Exercise description:
An exact transcription of all the entries is needed; pictures stay out.
•••
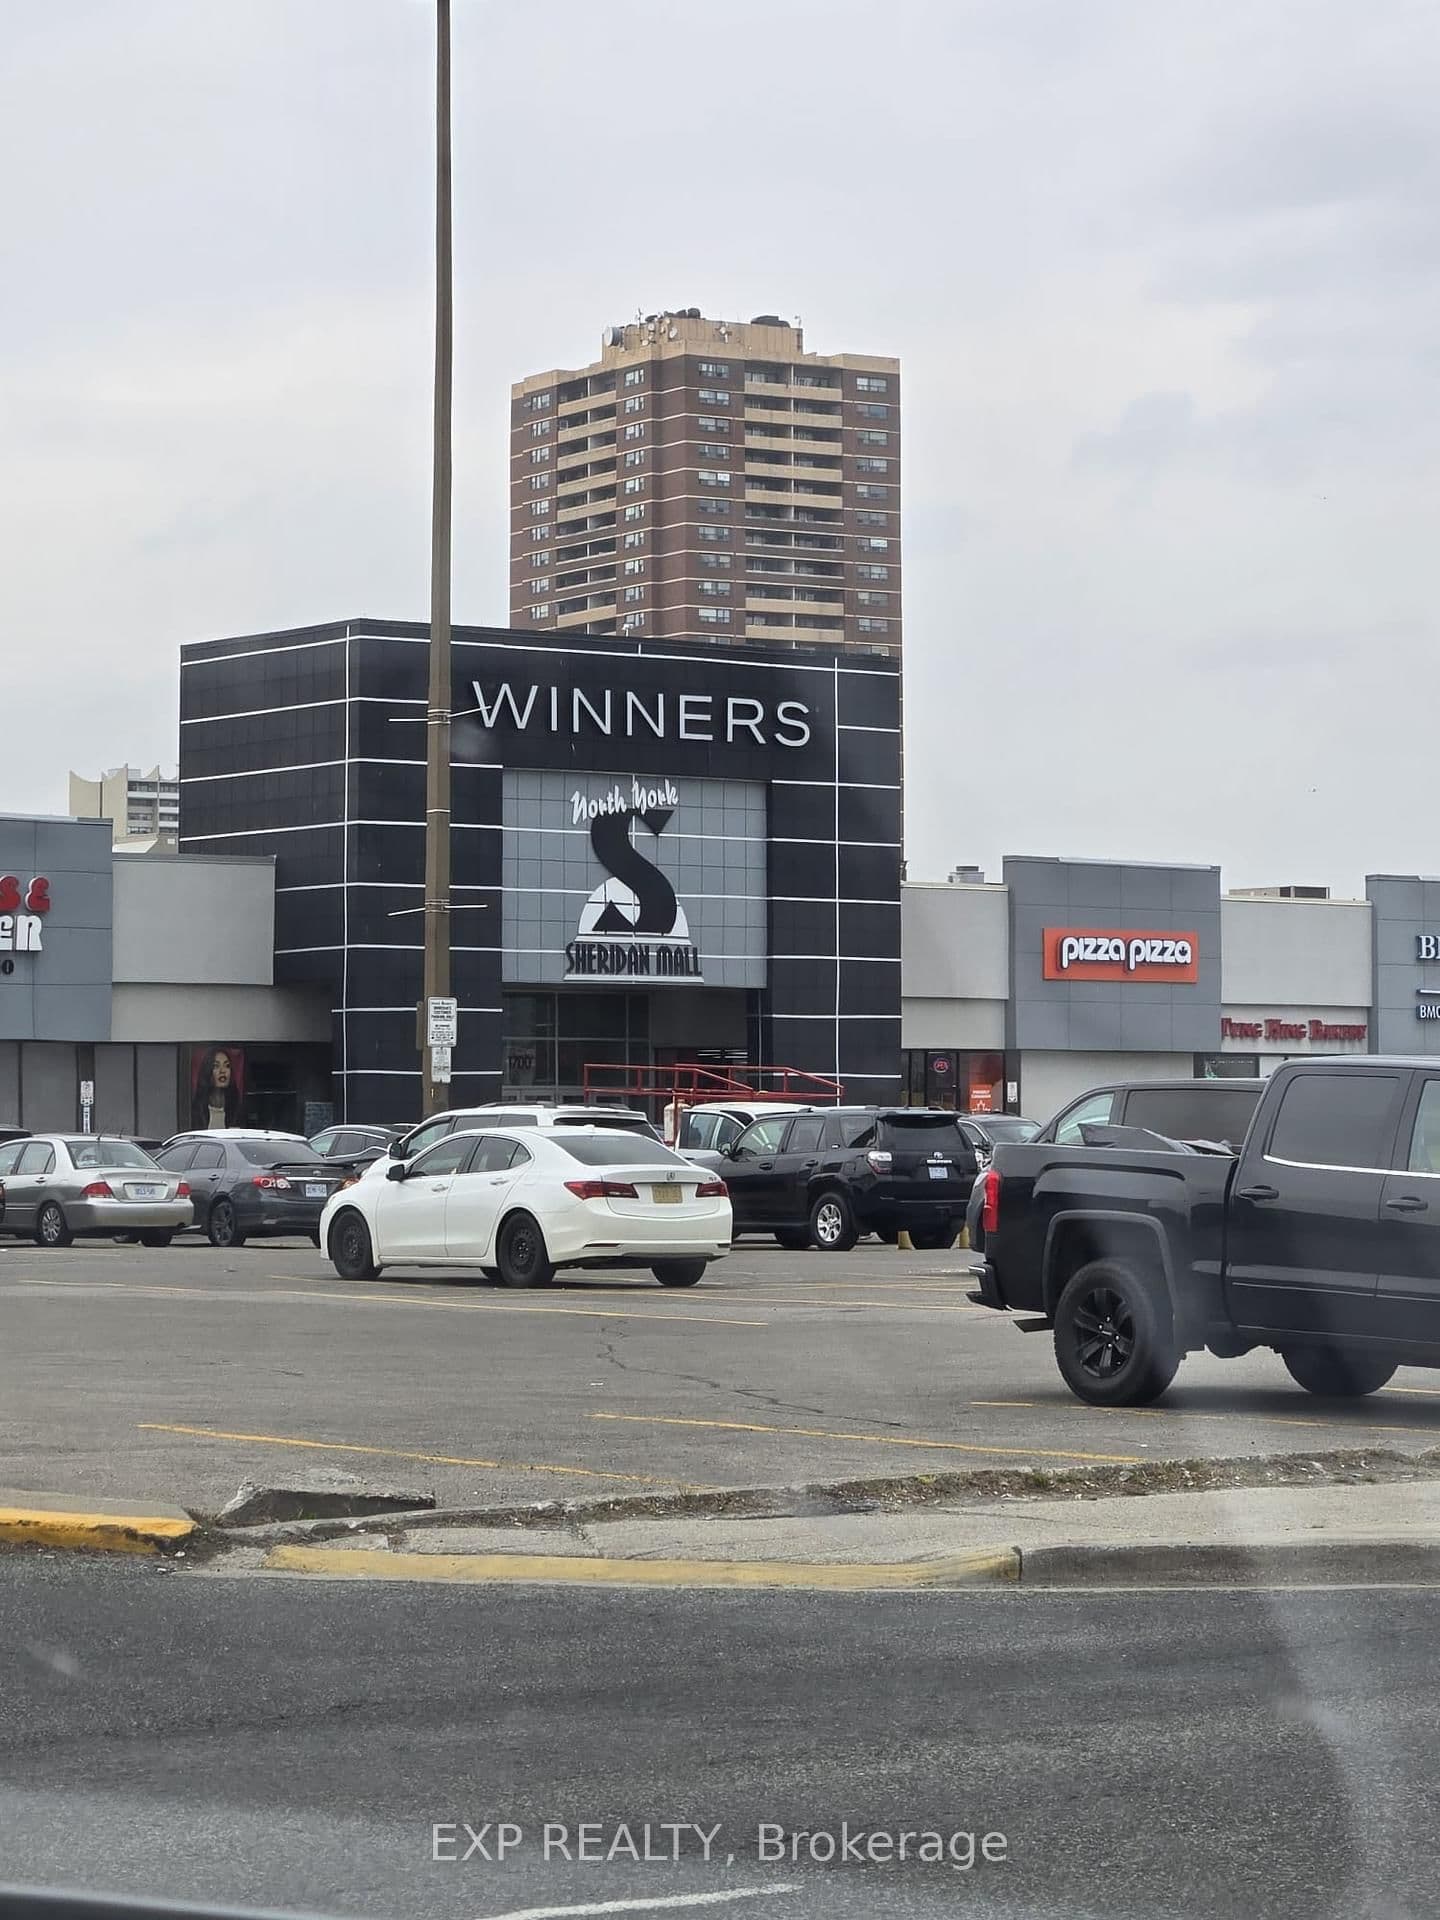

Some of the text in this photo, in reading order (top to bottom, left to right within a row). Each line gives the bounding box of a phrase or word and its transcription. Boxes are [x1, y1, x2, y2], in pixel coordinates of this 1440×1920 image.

[471, 680, 812, 748] WINNERS
[571, 778, 679, 825] North York
[565, 942, 703, 977] SHERIDAN MALL
[1061, 936, 1192, 972] pizza pizza
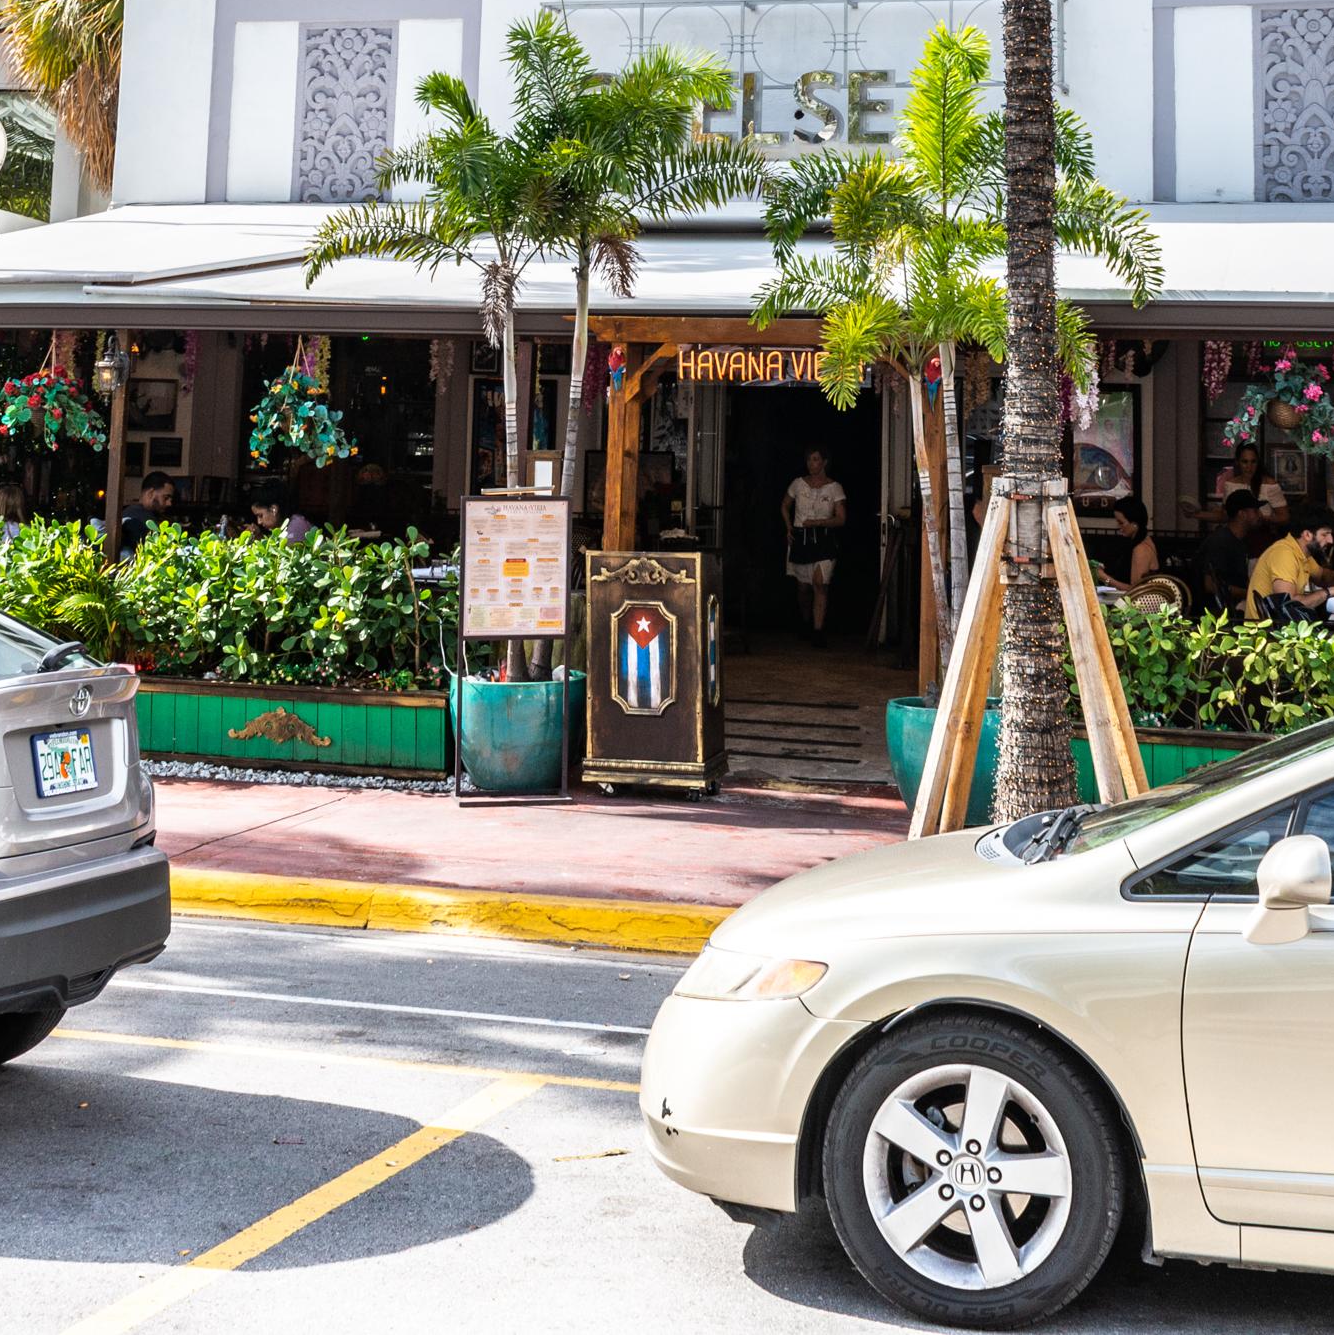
•••
Solution to this exercise:
Some of the text in this photo, in reading order (top to bottom, left to right within a row). Each line gives the bounding box of a phrase or word and its transcription. Boxes are [x1, y1, x2, y2], in pixel coordinates of this 1440×1920 image.

[471, 680, 812, 748] WINNERS
[571, 778, 679, 825] North York
[565, 942, 703, 977] SHERIDAN MALL
[1061, 936, 1192, 972] pizza pizza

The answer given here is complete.